The trades shortage can only be resolved by having a long term vision and plan. For instance increasing the amount of apprenticeships, which can be done directly through the union hiring halls instead of relying on employers. The AFL has already suggested this as well as tax breaks for hiring and training. The failure to provide for trades training in Alberta has been a problem for over twenty years, it is the failure of the Tory government in Alberta.

They dumbed down the trades, by creating a general high school diploma program, aimed at university qualification and for the rest of the student population there was no encouragement to take trades training or go into work related post secondary education. Which is why a university education is now equated with employability. Another reason that so called higher learning is now being proletarinized, that is students at university are attending in order to get employable skills. Something that was once the domain of NAIT and SAIT and post-secondary trades and college education. Trades enjoy renaissance among job seekers

Increasing the attractiveness of the trades to women will also solve the labour shortage problem, and it is encouraging to read headlines that this is so.
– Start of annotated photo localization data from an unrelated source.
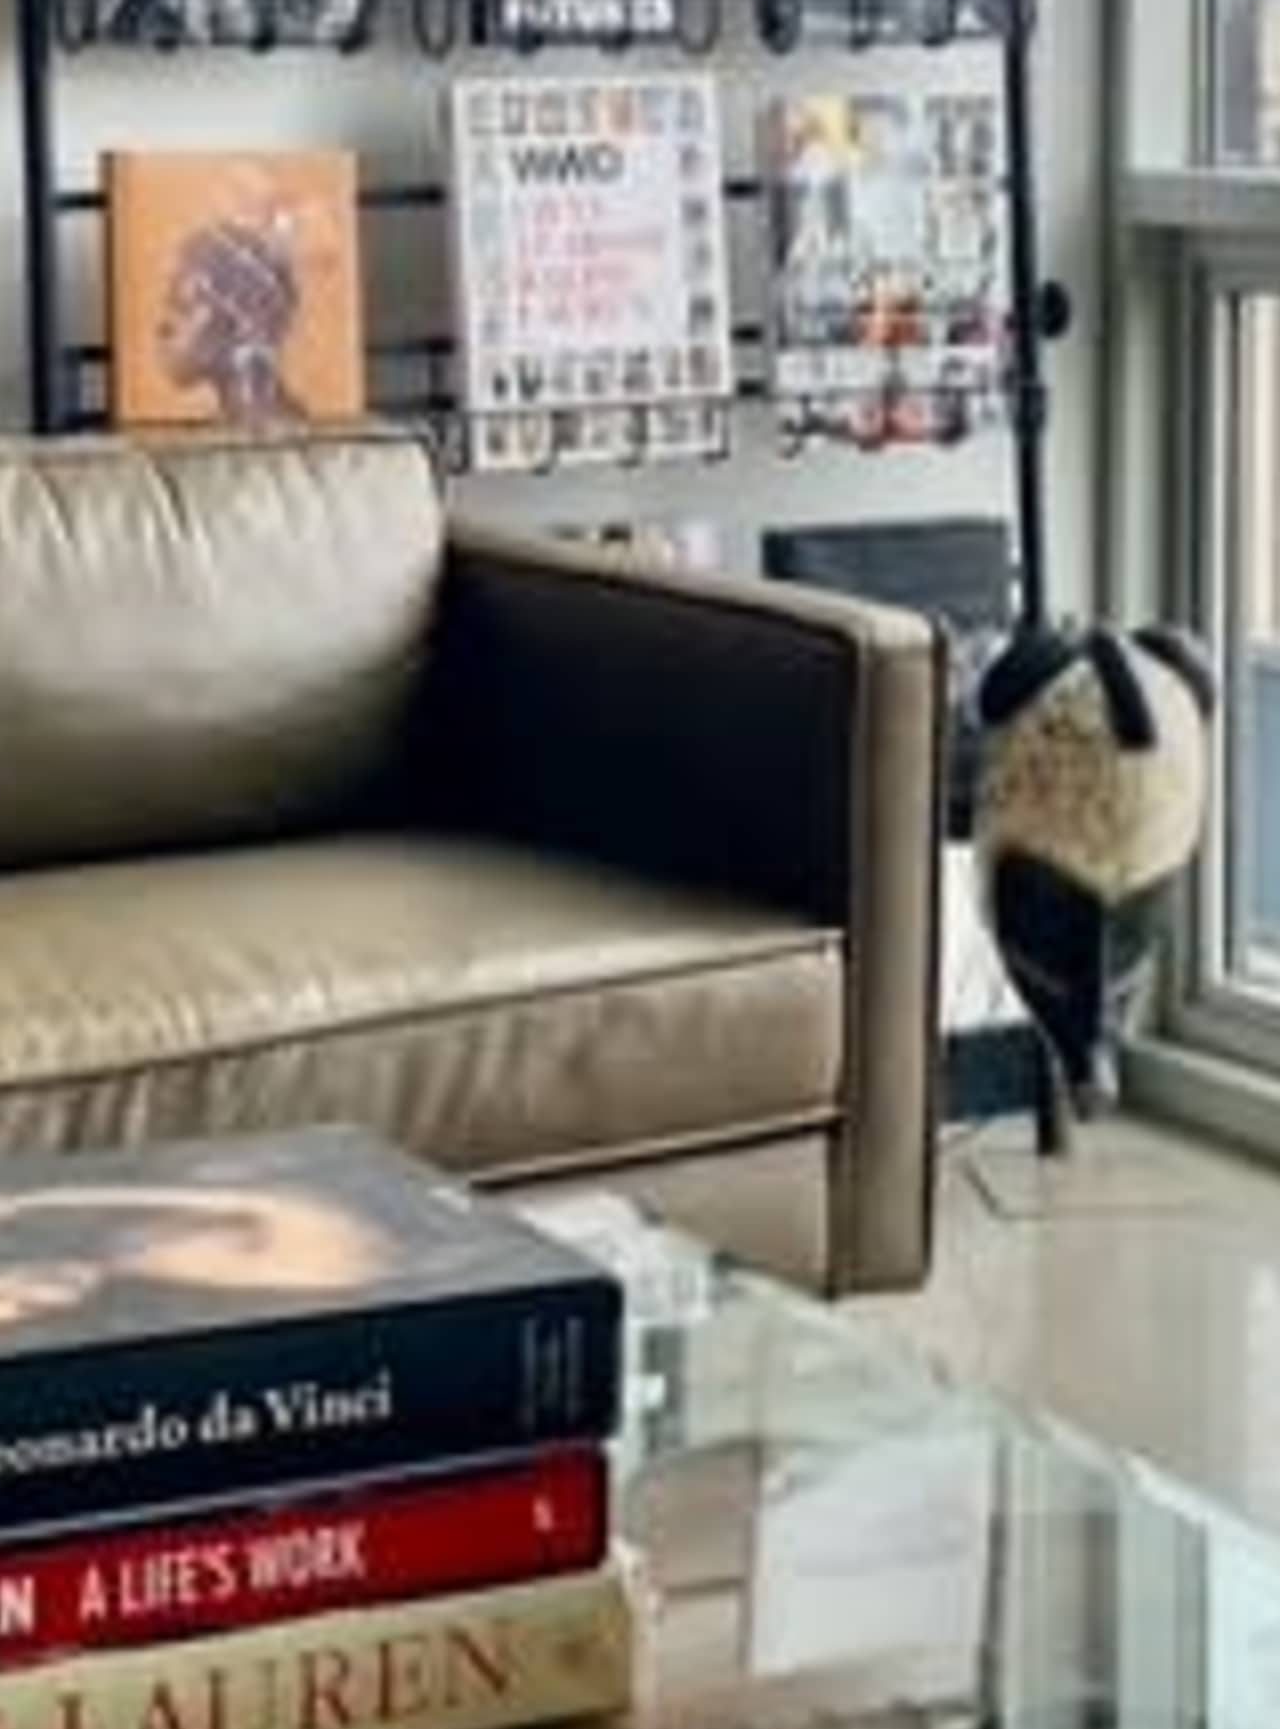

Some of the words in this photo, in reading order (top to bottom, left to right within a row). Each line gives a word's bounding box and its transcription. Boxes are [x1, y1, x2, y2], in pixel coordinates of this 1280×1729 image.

[198, 1391, 259, 1443] da
[263, 1366, 393, 1432] Vinci
[80, 1563, 107, 1622] A
[120, 1541, 238, 1617] LIFE'S
[244, 1521, 368, 1592] WORK
But they remain part of the proletarianization of academic training, being nurses, teachers, business management, some in engineering and sciences. As in the trades where they are a minority in the traditional male trades, they remain in the pink collar ghetto, whether as teachers or as hairdressers, or as service workers; houskeeping, store clerks. Even when having post-secondary education they remain a cheap labour force, as the wages paid to day-care workers shows.

Record number of women at work [Globe and Mail]


Growth works well for women [Ottawa Sun]



So why is Canadian Natural Resources Limited (CNRL) saying it needs to import temporary construction workers from China and other countries. Because it has nothing to do with lack of labour and everything to do with union busting.

Shareholders Meeting Attracts Hundreds Of Union Protestors


CNRL is using this chimeric labour shortage to justifiy the outsourcing of labour to reduce its costs. Whether there is a labour shortage or not the company would still try and reduce its labour costs by using temporary workers, in this case foreign workers. Its all about profit not costs.

What the building trades unions have finally realized is their mis-placed campaign last year which was a xenophobic nationalist attack on temporary workers was misdirected. CNRL is the problem, not the workers they employ or not.

The Building Trades and the AFL now calls for giving these workers green cards, union rights and the potential to move here as immigrants. Something the IWW had already called for.Foreign Workers are Fellow Workers.